L’orrore della guerra non può muovere da un’indignazione moralistica -  Berlusconi va sconfitto, ma va sconfitto con l’intelligenza di una politica chiara, che costituisca un effettivo avanzamento per le masse lavoratrici.  E’ ora di por termine alle abiure della storia dei comunisti: rifondazione dunque, non rimozione

 La mozione Essere comunisti indica, nella tesi 22, l’orizzonte socialista come immanente alla costruzione della pratica politica attuale. Crediamo sia un punto di forza necessario per riprendere con lena i compiti di una rifondazione comunista. Un obiettivo strategico che possa motivare ancora la militanza consapevole e convinta e superare le inevitabili asperità che la quotidianità del dominio capitalista e imperialista continuamente ci squaderna dinanzi. Il popolo della sinistra ha bisogno di unità ma nel contempo chiede una linea di prospettiva che dia senso all’azione consapevole di massa, che si cimenti con il valore della democrazia come sovranità partecipata e non delegata.   
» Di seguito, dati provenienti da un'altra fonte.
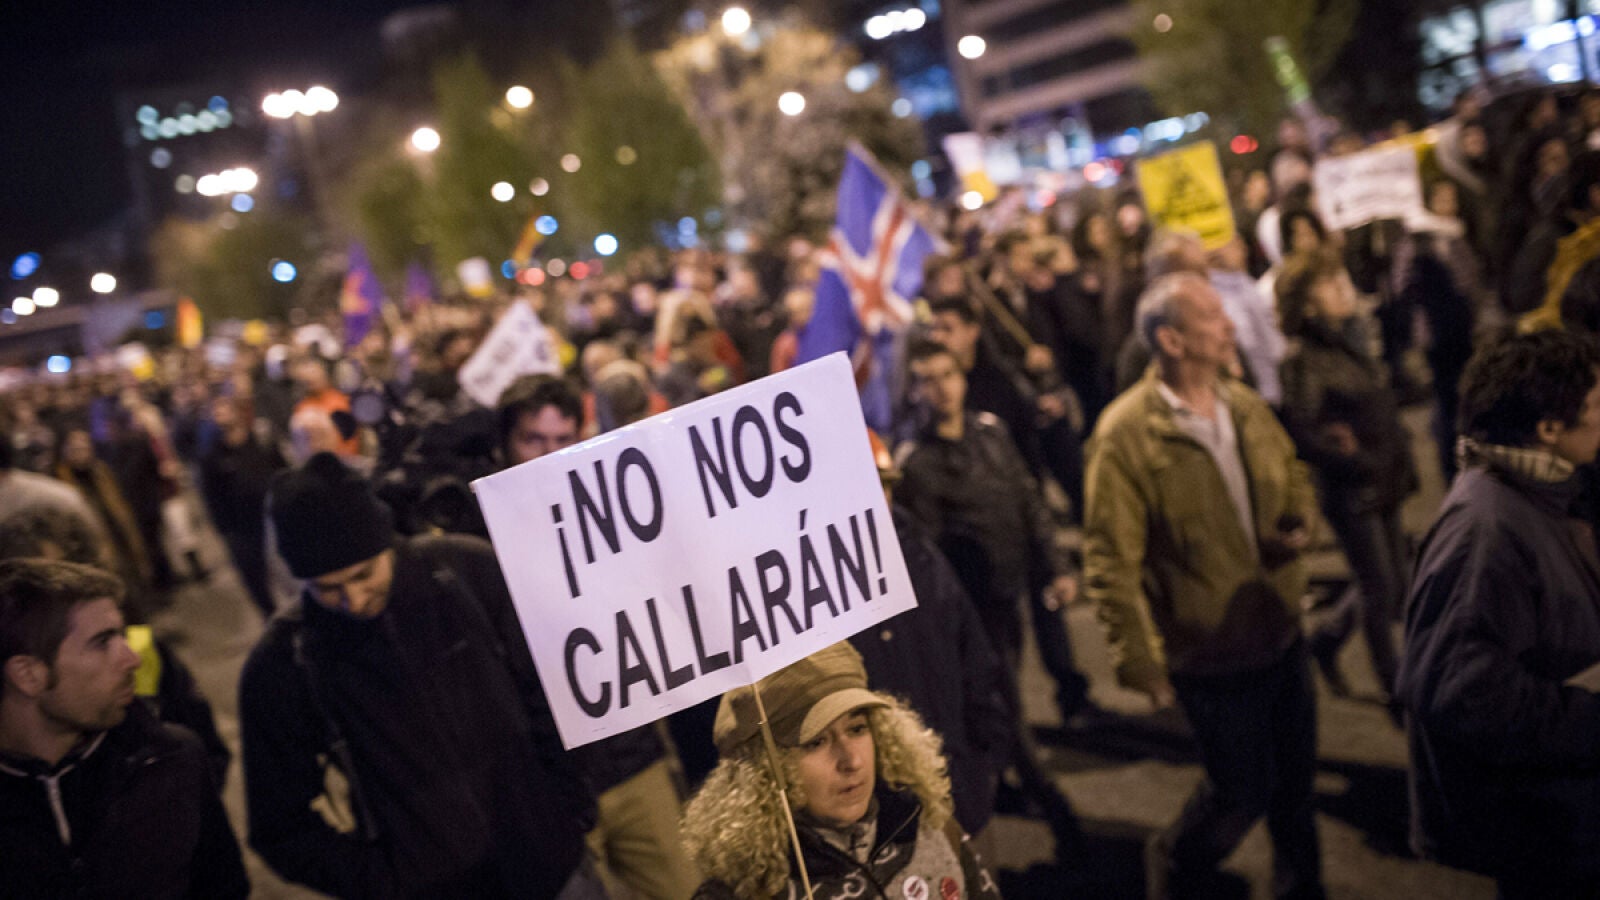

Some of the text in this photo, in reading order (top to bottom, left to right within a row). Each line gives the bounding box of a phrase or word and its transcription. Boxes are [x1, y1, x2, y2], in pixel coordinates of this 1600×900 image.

-         L’orrore della guerra non può muovere da un’indignazione moralistica, nel rifugio assolutistico della non-violenza: e non perché l’espungere la violenza dalla storia non sia traguardo dei comunisti, che improntano la loro azione pratica alla ricerca della pace nella giustizia sociale; ma perché siamo chiamati a rendere ragione dei conflitti imperialistici e della violenza perpetrata a danno delle popolazioni diseredate, perché dobbiamo capire e sostenere la resistenza dei popoli, vivere come nostra la violenza nei confronti degli iracheni e dei palestinesi e dei curdi e del popolo ogoni e non trovare requie finchè, come affermò Guevara, la sofferenza di un qualsiasi popolo dominato non cessi definitivamente. Noi comunisti non possiamo rinunciare a questo: e non per mere questioni di identità ideologica, ma perché siamo chiamati a comprendere le cause strutturali dei conflitti e attivare una mobilitazione conseguente. Le relazioni internazionali del nostro partito devono maggiormente permettere una circolazione di informazioni ed esperienze utili tra forze e organizzazioni che si richiamano esplicitamente all’ideale socialista, senza paradossali conventio ad exludendum.
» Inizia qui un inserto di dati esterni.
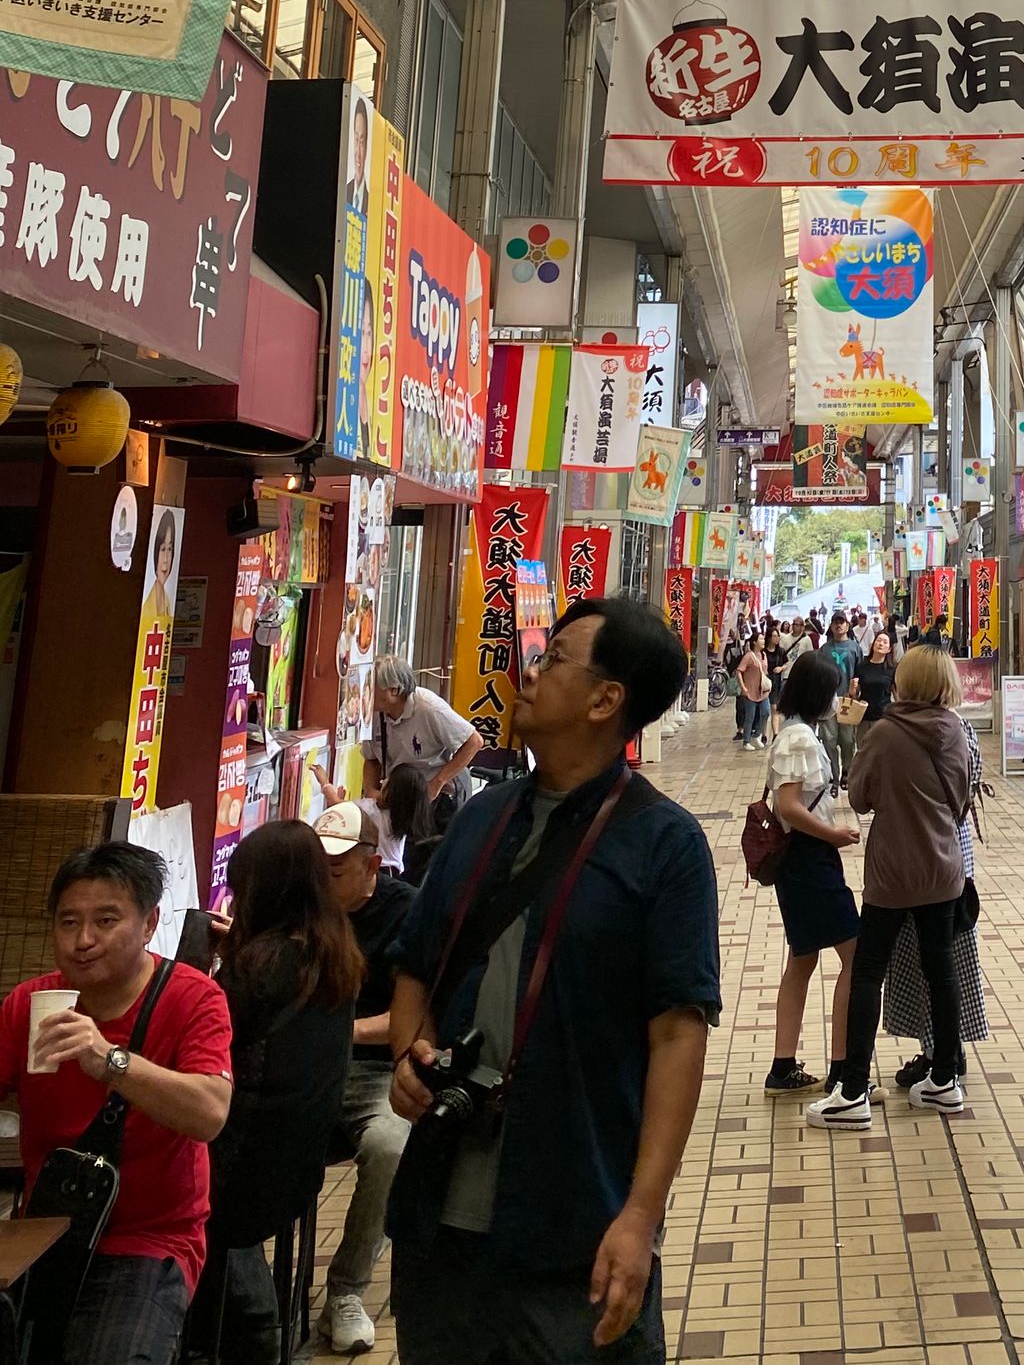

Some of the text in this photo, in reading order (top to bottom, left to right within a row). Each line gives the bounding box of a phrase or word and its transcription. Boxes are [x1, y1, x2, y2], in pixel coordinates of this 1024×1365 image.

-         Berlusconi va sconfitto e va sconfitto con l’intelligenza della politica; ma il cancro del berlusconismo, una variante particolarmente eversiva dell’egemonia della grande borghesia monopolista e finanziaria,  non si estirperà con un gioco politicista, ma solo se si mette mano ai nodi strutturali della crisi capitalista. Per questo l’alleanza con le forze del centro-sinistra è possibile solo a condizione di disegnare un alto profilo programmatico: nessuna mediazione sulle politiche di guerra, centralità del salario e restringimento dello spazio per la rendita parassitaria, una reale riforma della scuola pubblica che metta al bando i tecnicismi dall’alto e venga disegnata anzittutto dai suoi soggetti primari, dirigenti scolastici, insegnanti, studenti, famiglie; invertire la tendenza alla precarizzazione dei rapporti di lavoro. Temi sui quali è possibile avviare una piattaforma comune con la sinistra alternativa, il sindacalismo di classe, i movimenti, piattaforma che renderebbe più forte la speranza di un accordo e dunque di un cambiamento effettivo delle politiche di un nuovo esecutivo in cui le sinistre non siano permanentemente in posizione subalterna. Un accordo a prescindere dai contenuti rischia di riprodurre pericolosamente la situazione del 1998, con l’aggravante di un PRC stretto maggiormente tra la sua implicazione e il rapporto con la sua base di riferimento.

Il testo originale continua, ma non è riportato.